ECON Committee: Consideration of amendments on CRD IV/CRR

28 March 2012

Rapporteur Othmar Karas announced that 2,195 amendments were tabled in total. Karas said that the ECON committee is already working on the compromise amendments. Karas wants to stick to the timetable and is sure that there is enough time for the negations on CRD IV/CRR.

The rapporteur also said that there are many amendments that raise concerns on the disproportionate requirements that the EBA could impose on certain institutions. Karas announced that the EBA will attend an ECON committee to explain their mandate in more detail.

He presented and explained the following topics covered by the amendments:

Karas said that he will try to cover most of the concerns during the compromise negations, and announced that he will not meet stakeholders at this stage of the process.

Shadow rapporteur, Udo Bullmann (S&D, DE), believes that there is a need to protect SMEs, and the S&D groups fully support a less punitive risk weight for SMEs. He also highlighted that the S&D Group does not want to have an internal banking market with different rules that will create disadvantages. On the timeline, Bullmann agreed that there is need to act quickly but at the same time high quality legislation should be guaranteed.

Shadow rapporteur, Sharon Bowles (ALDE, UK), understands the need to stick to the ambitious timetable but at the same time MEPs should not rush too much with such a complex dossier. Bowles mentioned that there is a need to introduce a link to the resolutions plans in the CRD IV/CRR proposals. She wants consistency with what has been done in EMIR.

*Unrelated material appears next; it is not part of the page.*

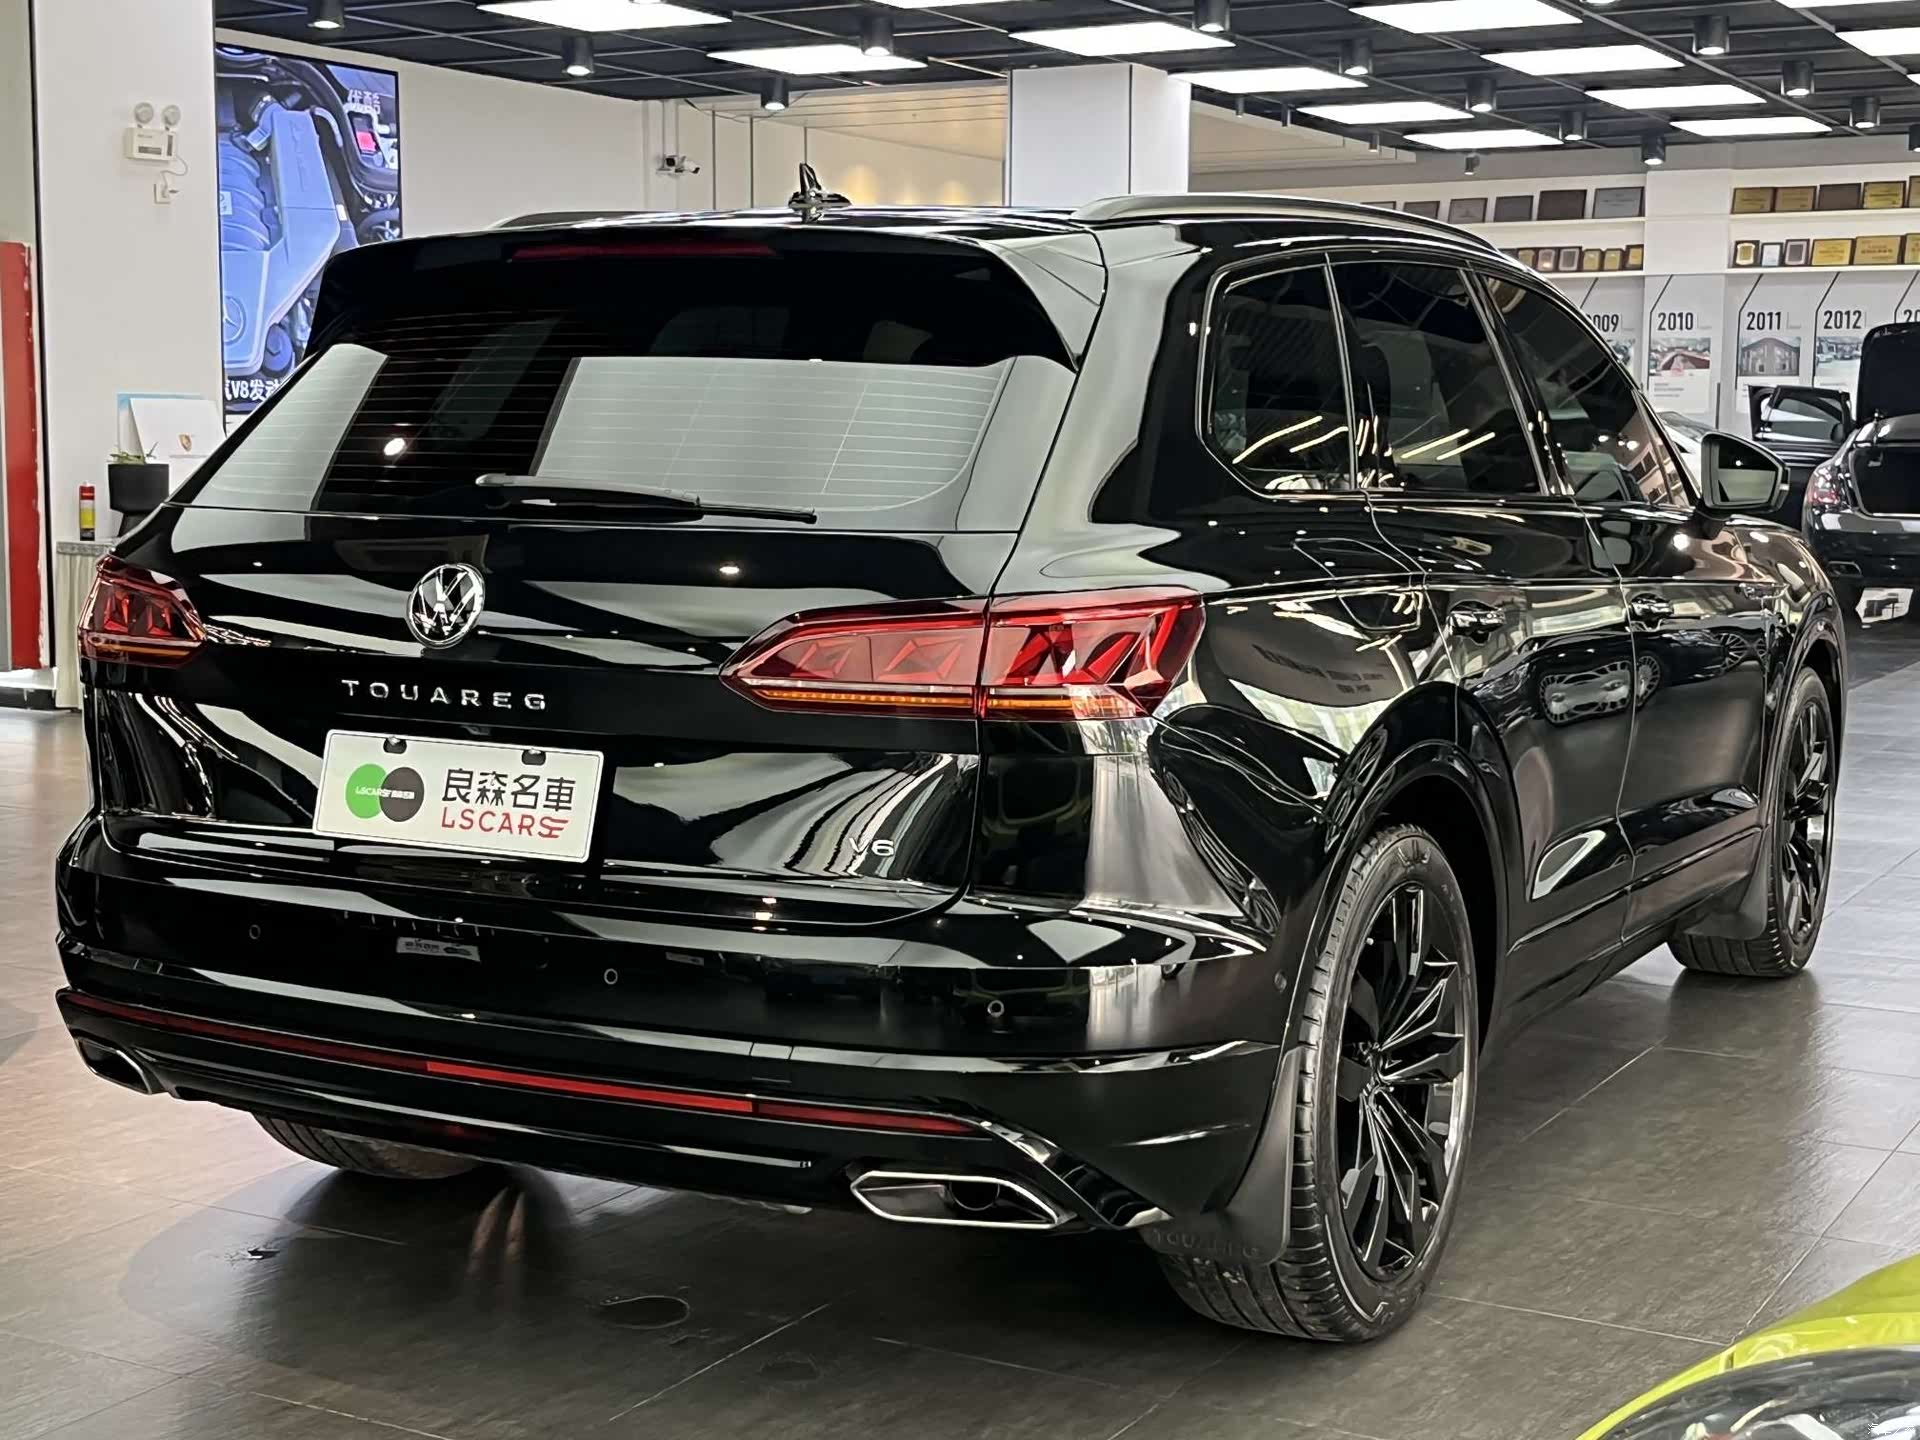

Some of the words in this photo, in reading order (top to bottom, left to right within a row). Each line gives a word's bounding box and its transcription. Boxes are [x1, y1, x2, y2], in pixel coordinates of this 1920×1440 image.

Vicky Ford (ECR, UK) agrees with the need to stick to timetable. Ford stressed that if flexibility for Member States is introduced, it should be guaranteed that there will not be negative cross-border spill-overs. Ford supports the amendments on SMEs, trade finance as well as on the CVA. She concluded by saying that many Member States have not properly implemented CRD III and this should be the starting point of the ECON committee debate on capital requirements.

Shadow rapporteur, Philippe Lamberts (Greens, BE), also agrees that the timetable should not be delayed. On remuneration, he believes that if policymakers are demanding wages moderation in Member States, banks should also be subjected to the same salary reductions.